Galileo was born on February 15, 1564 in Pisa. By the time he died on January 8, 1642 (but see problems with the date, Machamer 1998, pp. 24–5) he was as famous as any person in Europe. Moreover, when he was born there was no such thing as ‘science’, yet by the time he died science was well on its way to becoming a discipline and its concepts and method a whole philosophical system.

Galileo and his family moved to Florence in 1572. He started to study for the priesthood, but left and enrolled for a medical degree at the University of Pisa. He never completed this degree, but instead studied mathematics notably with Ostilio Ricci, the mathematician of the Tuscan court. Later he visited the mathematician Christopher Clavius in Rome and started a correspondence with Guildobaldo del Monte. He applied and was turned down for a position in Bologna, but a few years later in 1589, with the help of Clavius and del Monte, he was appointed to the chair of mathematics in Pisa.
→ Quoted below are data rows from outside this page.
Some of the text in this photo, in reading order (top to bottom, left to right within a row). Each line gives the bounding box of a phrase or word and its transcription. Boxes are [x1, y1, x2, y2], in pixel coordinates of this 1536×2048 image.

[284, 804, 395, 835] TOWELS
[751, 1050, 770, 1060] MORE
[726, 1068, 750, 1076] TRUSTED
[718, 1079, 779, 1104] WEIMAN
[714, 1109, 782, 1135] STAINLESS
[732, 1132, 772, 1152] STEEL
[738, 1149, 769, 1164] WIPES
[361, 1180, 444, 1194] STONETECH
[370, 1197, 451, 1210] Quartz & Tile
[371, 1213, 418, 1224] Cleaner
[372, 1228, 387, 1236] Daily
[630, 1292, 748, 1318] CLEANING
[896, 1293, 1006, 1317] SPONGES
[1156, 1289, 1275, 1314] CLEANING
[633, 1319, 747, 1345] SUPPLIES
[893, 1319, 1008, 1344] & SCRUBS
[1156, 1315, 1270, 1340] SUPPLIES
In 1592 he was appointed, at a much higher salary, to the position of mathematician at the University of Padua. While in Padua he met Marina Gamba, and in 1600 their daughter Virginia was born. In 1601 they had another daughter Livia, and in 1606 a son Vincenzo.
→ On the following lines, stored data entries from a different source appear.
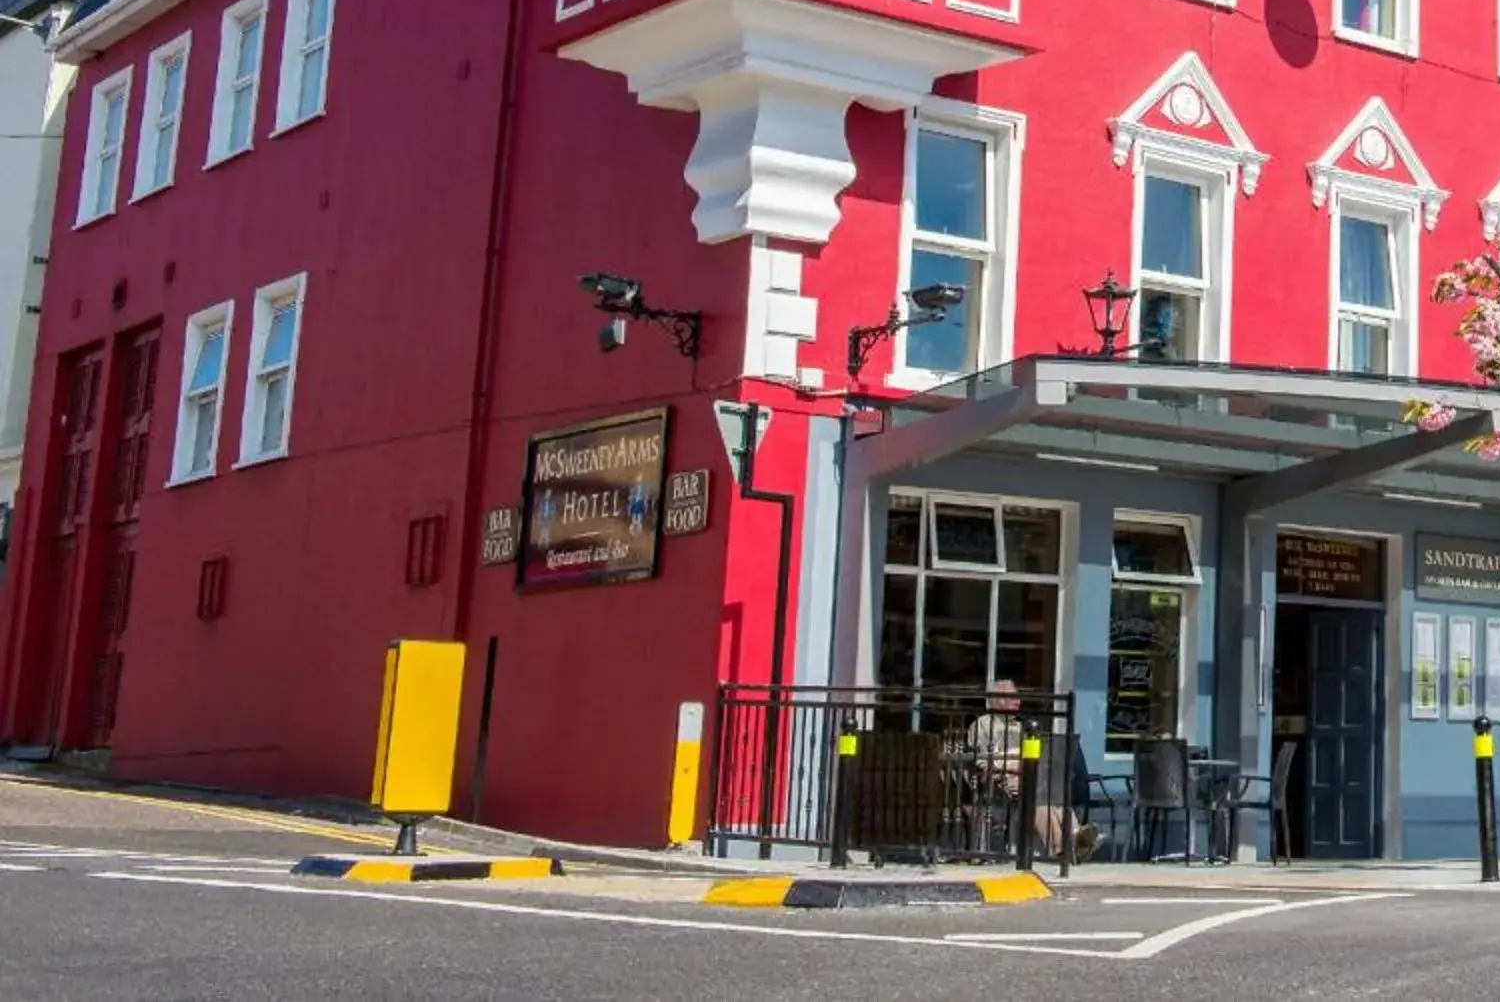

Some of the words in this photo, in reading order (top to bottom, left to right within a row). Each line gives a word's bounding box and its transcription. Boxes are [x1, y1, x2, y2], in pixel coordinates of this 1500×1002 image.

[614, 435, 660, 468] ARMS
[673, 474, 699, 499] BAR
[563, 490, 620, 525] HOTEL
[667, 506, 701, 531] FOOD
[490, 509, 511, 533] BAR
It was during his Paduan period that Galileo worked out much of his mechanics and began his work with the telescope. In 1610 he published The Starry Messenger, and soon after accepted a position as Mathematician,a non-teaching post at University of Pisa and Philosopher to the Grand Duke of Tuscany. A facsimile copy of The Library of Congress’ manuscript of The Starry Messenger and a symposium discussing details about the manuscript, may be found in Hessler and DeSimone 2013. Galileo had lobbied hard for this position at the Medici court and even named the moons of Jupiter, which he discovered, after the Medici. There were many reasons hewanted move, but he says he did not like the wine in the Venice area and he had to teach too many students. Late in 1610, the Collegio Romano in Rome, where Clavius taught, certified the results of Galileo’s telescopic observations. In 1611 he became a member of what is perhaps the first scientific society, the Academia dei Lincei.
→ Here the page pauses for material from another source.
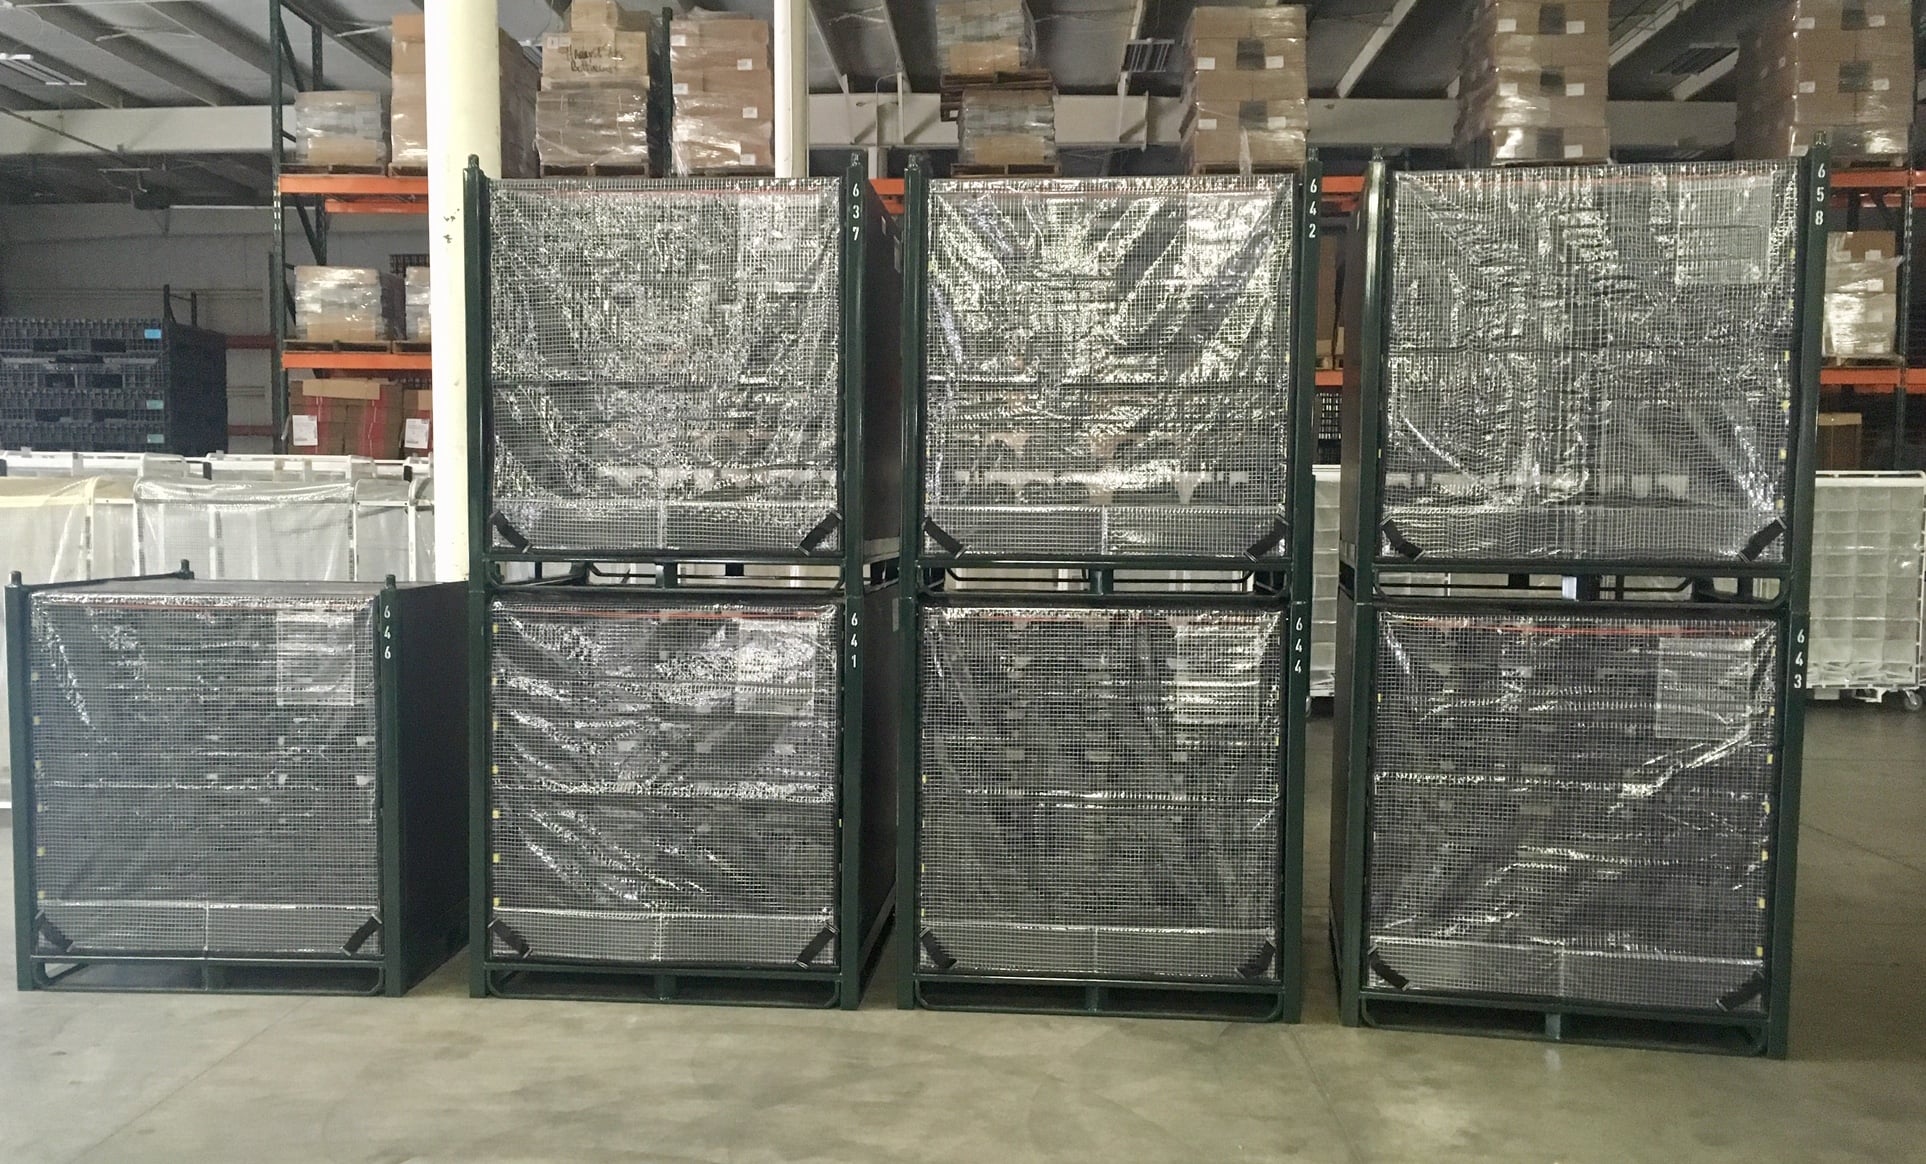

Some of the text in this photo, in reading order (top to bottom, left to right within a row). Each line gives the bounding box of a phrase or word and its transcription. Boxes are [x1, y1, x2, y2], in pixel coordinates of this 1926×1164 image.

In 1612 Galileo published a Discourse on Floating Bodies, and in 1613, Letters on the Sunspots. In this latter work he first expressed his position in favor of Copernicus. In 1614 both his daughters entered the Franciscan convent of Saint Mathew, near Florence. Virginia became Sister Maria Celeste and Livia, Sister Arcangela. Marina Gamba, their mother, had been left behind in Padua when Galileo moved to Florence.

In 1613–4 Galileo entered into discussions of Copernicanism through his student Benedetto Castelli, and wrote a Letter to Castelli. In 1616 he transformed this into the Letter to the Grand Duchess Christina. In February 1616, the Sacred Congregation of the Index condemned Copernicus’ book On the Revolution of the Heavenly Orbs, pending correction. Galileo then was called to an audience with Cardinal Robert Bellarmine and advised not to teach or defend Copernican theory.

In 1623 Galileo published The Assayer dealing with the comets and arguing they were sublunary phenomena. In this book, he made some of his most famous methodological pronouncements including the claim the book of nature is written in the language of mathematics.

The same year Maffeo Barberini, Galileo’s supporter and friend, was elected Pope Urban VIII. Galileo felt empowered to begin work on his Dialogues concerning the Two Great World Systems. It was published with an imprimatur from Florence (and not Rome) in 1632. Shortly afterwards the Inquisition banned its sale, and Galileo was ordered to Rome for trial. In 1633 he was condemned. There is more about these events and their implications in the final section of this article, Galileo and the Church.

In 1634, while Galileo was under house arrest, his daughter, Maria Celeste died (cf. Sobel 1999). At this time he began work on his final book, Discourses and Mathematical Demonstrations concerning Two New Sciences. This book was smuggled out of Italy and published in Holland. Galileo died early in 1642. Due to his conviction, he was buried obscurely until 1737.